O que me provoca a tragédia de Realengo?

Do sofá, a gente liga a TV: tsunami no Japão com iminência de ecatombe nuclear, guerra na Líbia, Portugal quebra e pede ajuda ao FMI, aumento vertiginoso do preço do barril de petróleo, enfim. Com a habitual tibieza, boa parte dos brasileiros segue zapeando os canais de seu televisor em busca de distração. Em geral: futebol e novela. Mas nem tanto. A tragédia das crianças assassinadas covardemente por um desequilibrado numa escola pública do Rio de Janeiro, caso inédito em terras tupiniquins e algo impensável para um país que se considerava imune a esse tipo de violência, mexeu profundamente com nossas sensibilidades. Machucou mesmo. Muito.

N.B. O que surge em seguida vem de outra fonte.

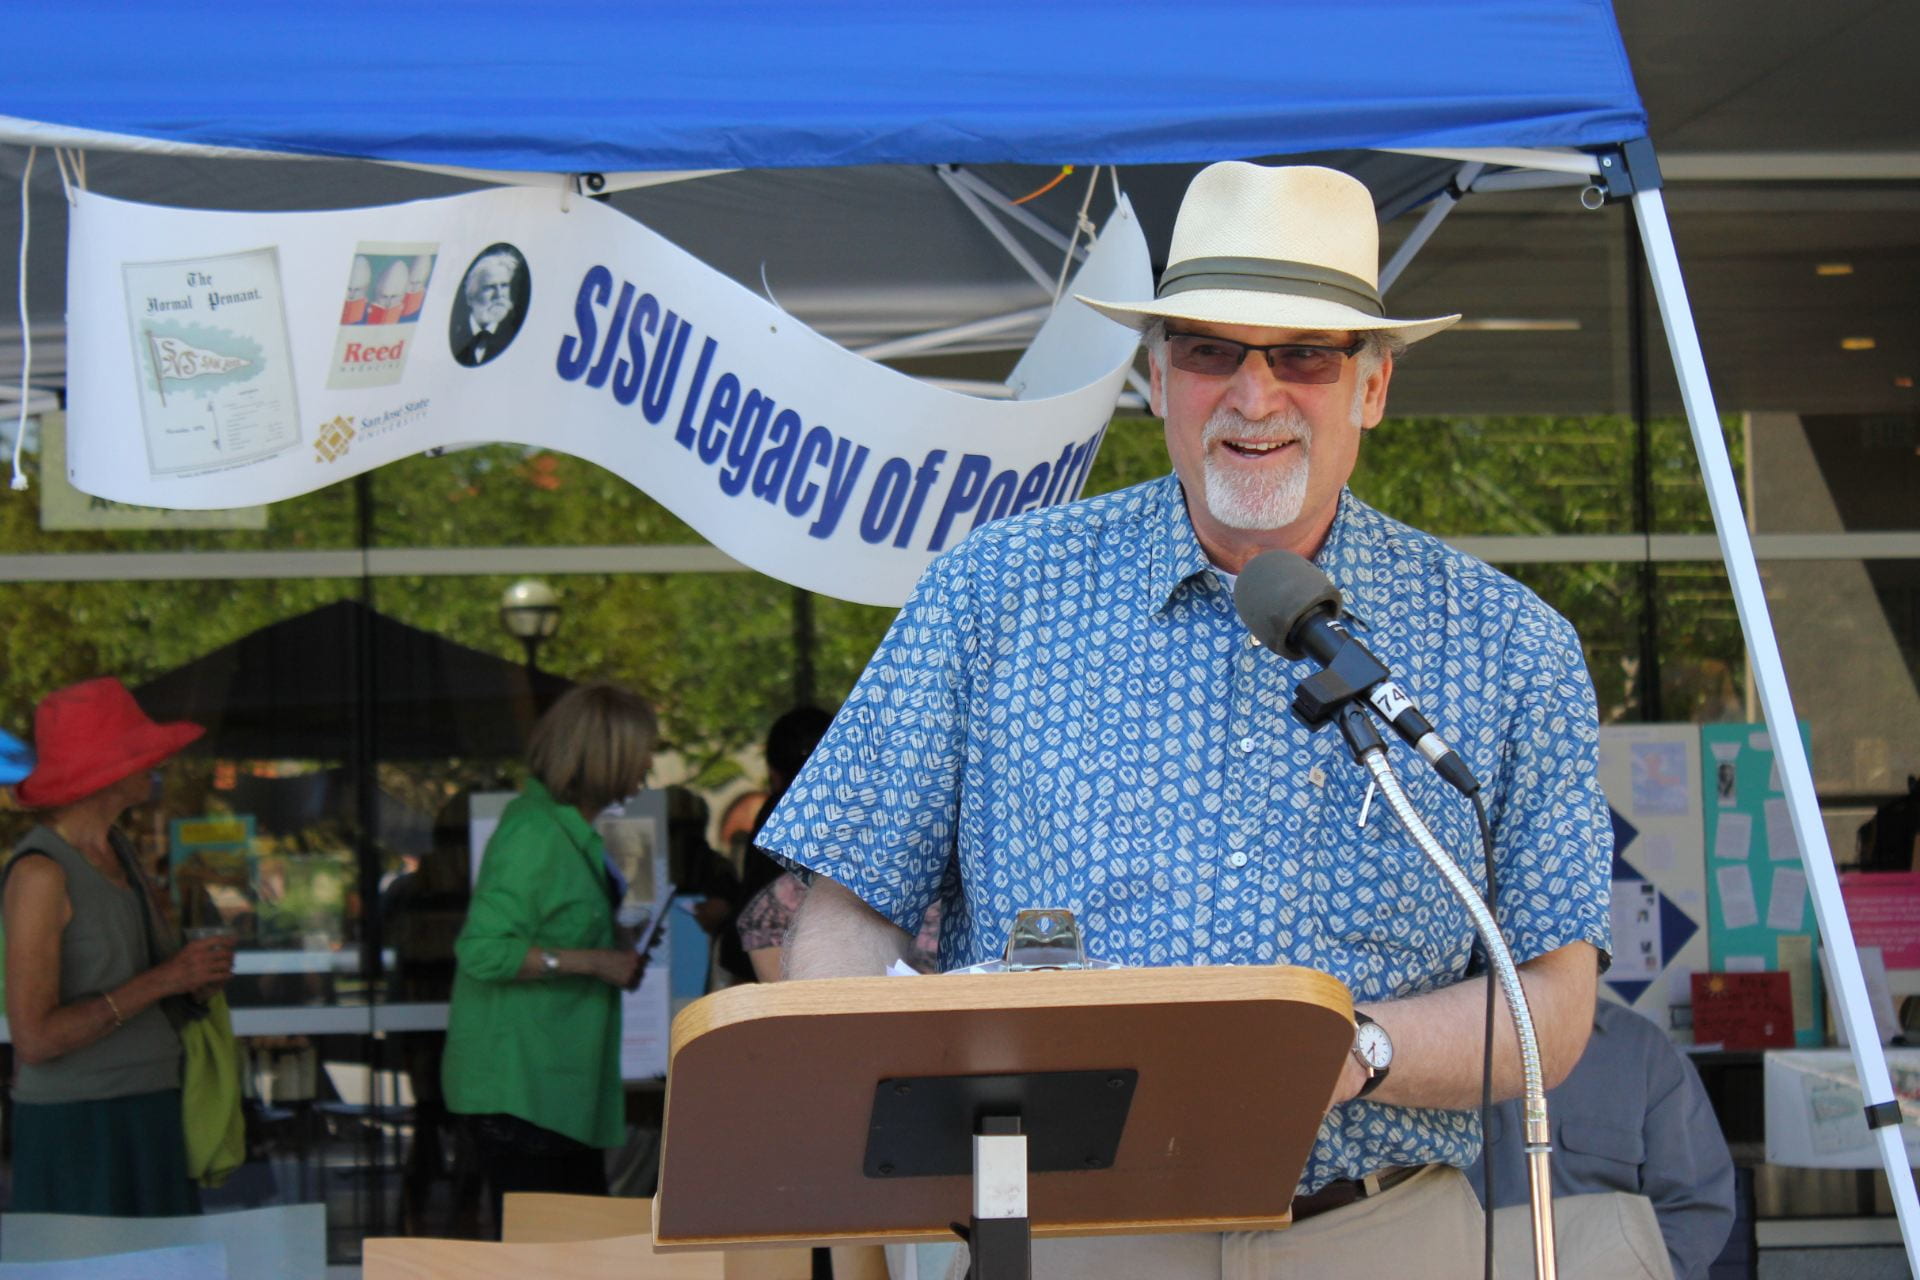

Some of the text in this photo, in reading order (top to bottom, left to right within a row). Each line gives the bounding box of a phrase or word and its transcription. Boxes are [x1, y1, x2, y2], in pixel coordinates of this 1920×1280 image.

[186, 271, 213, 288] The
[146, 295, 193, 313] Normal
[343, 339, 405, 363] Reed
[556, 265, 692, 425] SJSU
[674, 336, 870, 539] Legacy
[859, 450, 947, 549] of
[1377, 687, 1407, 713] 74

Nunca ouvi tanto silêncio no famigerado "minuto de silêncio" ignorado pelas Organizadas em arenas lotadas. E não foi só em estádio carioca. Por todo o país, os "minutos de silêncio" se multiplicaram e, impressionantemente, calaram no coração de flamenguistas, botafoguenses, corintianos e palmeirenses. Para mim, algo percebido como bonito. Na verdade, incrível!

Não acho que haja sentido em acontecimentos trágicos como esse. Mas se é possível detectarmos algum, tem a ver com a reação da sociedade. O silêncio nas arenas é simbólico. O caso desdobrou várias discussões tanto entre intelectuais, nas universidades, como entre suburbanos, nos botecos da periferia: educação, bullying, amizades (ou ausência delas), novos arranjos familiares, a influência da religiosidade nas atitudes das pessoas, esquizofrenia, entre outras. De repente, todos se preocuparam em entender melhor desses temas que, por si, induzem ao cultivo da reflexão.

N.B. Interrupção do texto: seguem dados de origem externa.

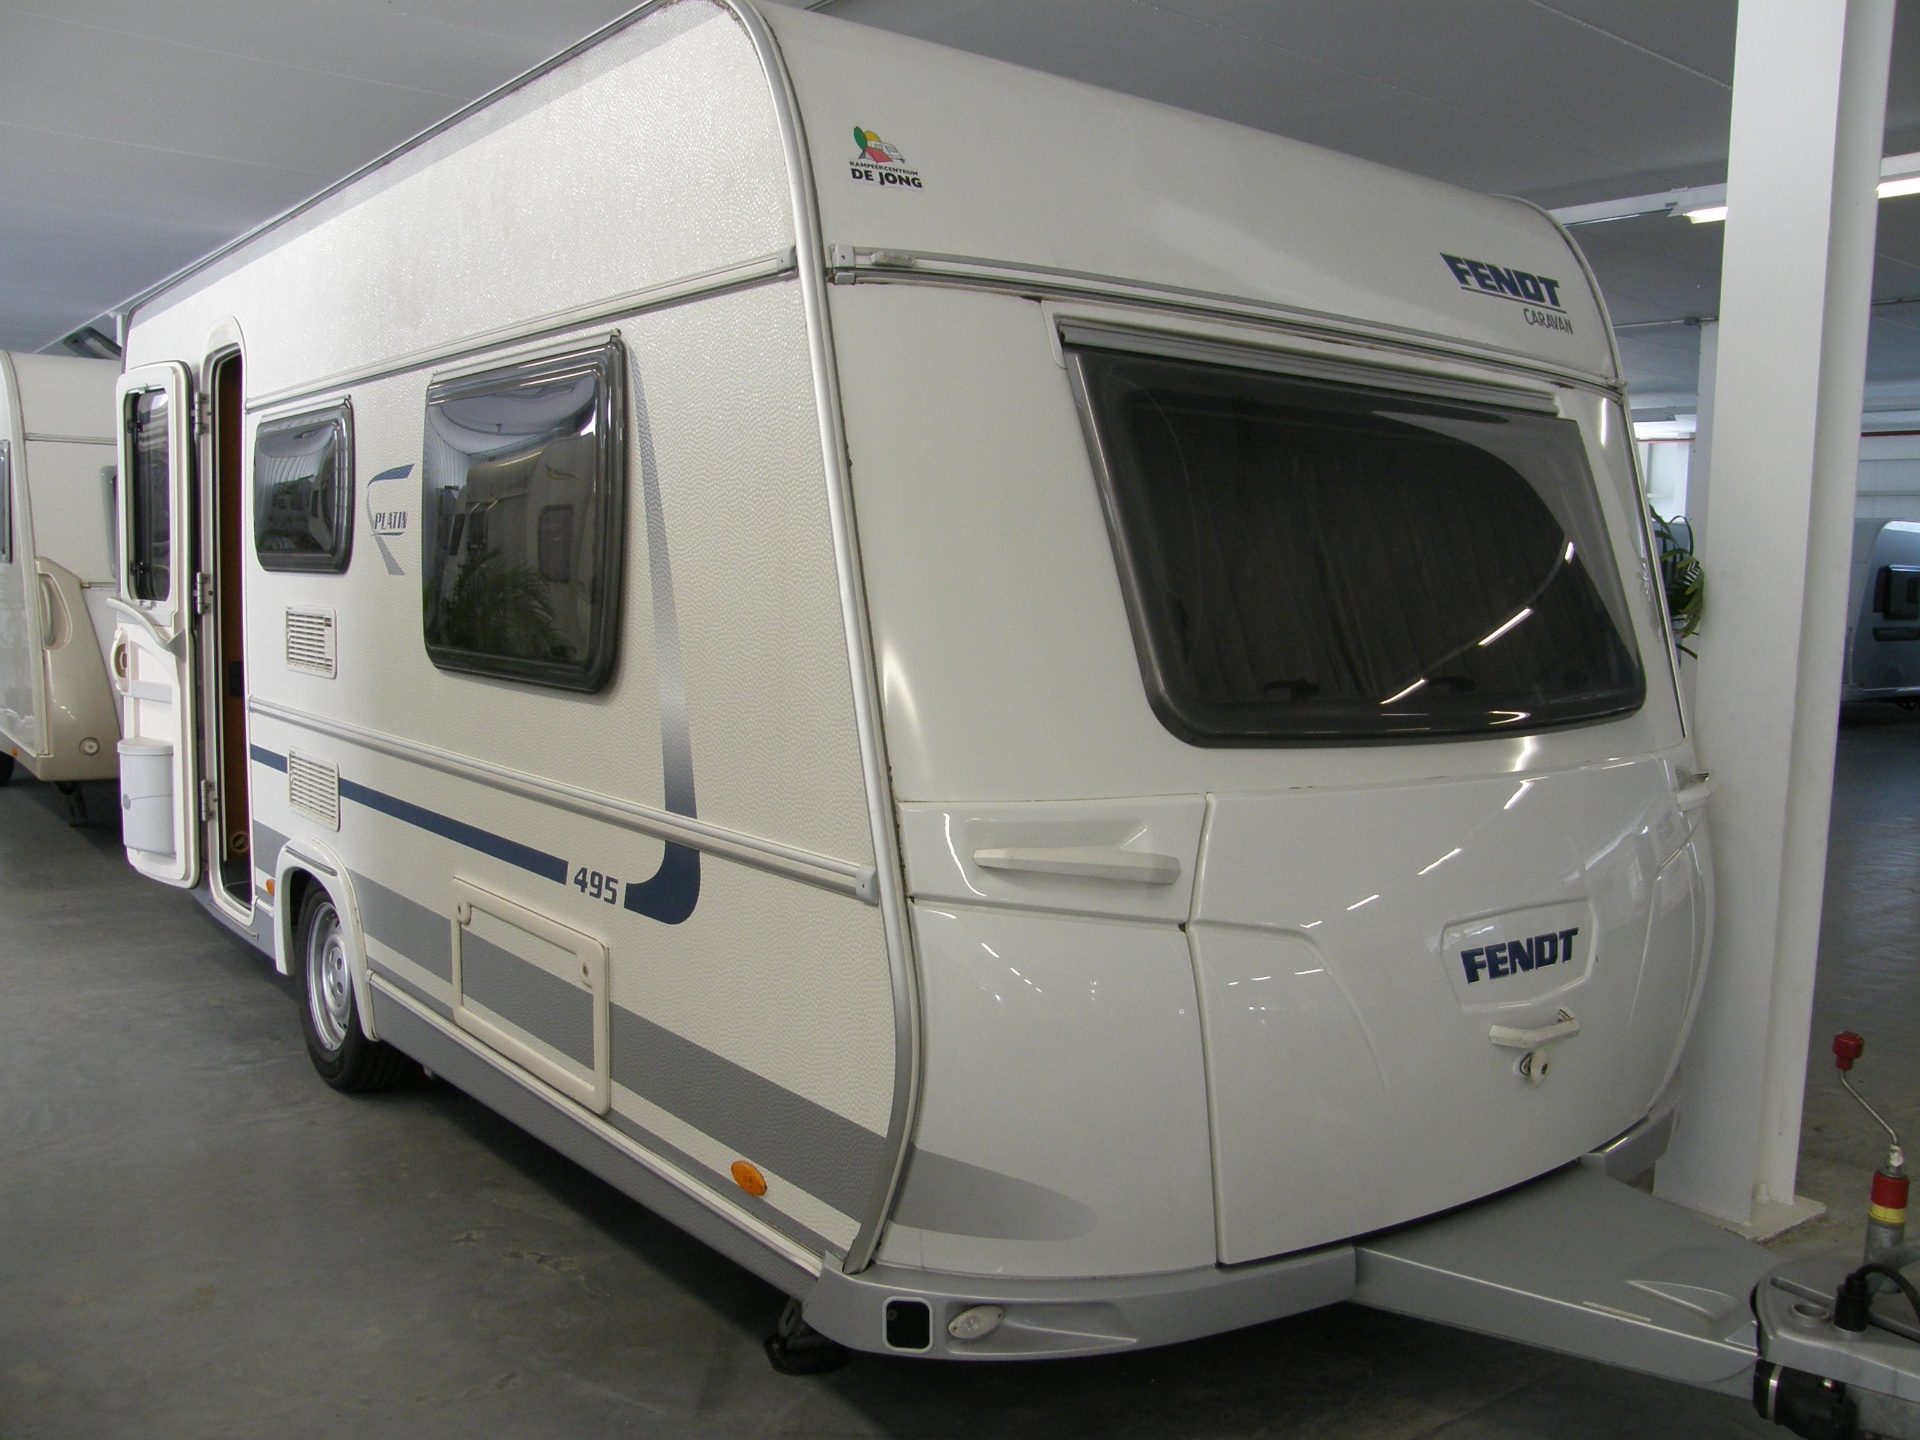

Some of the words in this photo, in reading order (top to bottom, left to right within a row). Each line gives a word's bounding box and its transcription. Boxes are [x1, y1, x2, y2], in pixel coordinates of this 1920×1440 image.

[849, 161, 918, 176] KAMPEERCENTRUM
[851, 168, 874, 181] DE
[879, 172, 922, 188] JONG
[1440, 252, 1560, 307] FENDT
[1523, 308, 1573, 334] CARAVAN
[374, 511, 407, 530] PLATIN
[573, 867, 618, 905] 495
[1461, 927, 1579, 985] FENDT

Alguém comentou comigo que, talvez infelizmente, esse era mais um caso para o sensacionalismo da mídia. Na maioria das vezes dou razão, mas dessa vez discordei. Uma atrocidade dessas precisa marcar bem a sociedade para que o típico brasileiro, telespectador irritantemente passivo, saia de sua zona de conforto e faça alguma coisa. É imprescindível que a sociedade se mobilize, mova sua inteligência, sua sensibilidade, sua solidariedade, sua fé, suas leis e tudo que estiver a seu alcance para que horrores como esse não voltem a acontecer. O problema é que sem se levantar do sofá, nada muda. Só tende a piorar.


Mais que suscitar uma comoção passageira e prender um pouco da atenção das pessoas, ao que parece, por essa tragédia nossa sensibilidade foi finalmente alcançada e nossa postura, comumente passiva, deu lugar a uma auspiciosa inquietação. Afinal de contas, criança é coisa sagrada. Criança não pode perder a vida assim, ora!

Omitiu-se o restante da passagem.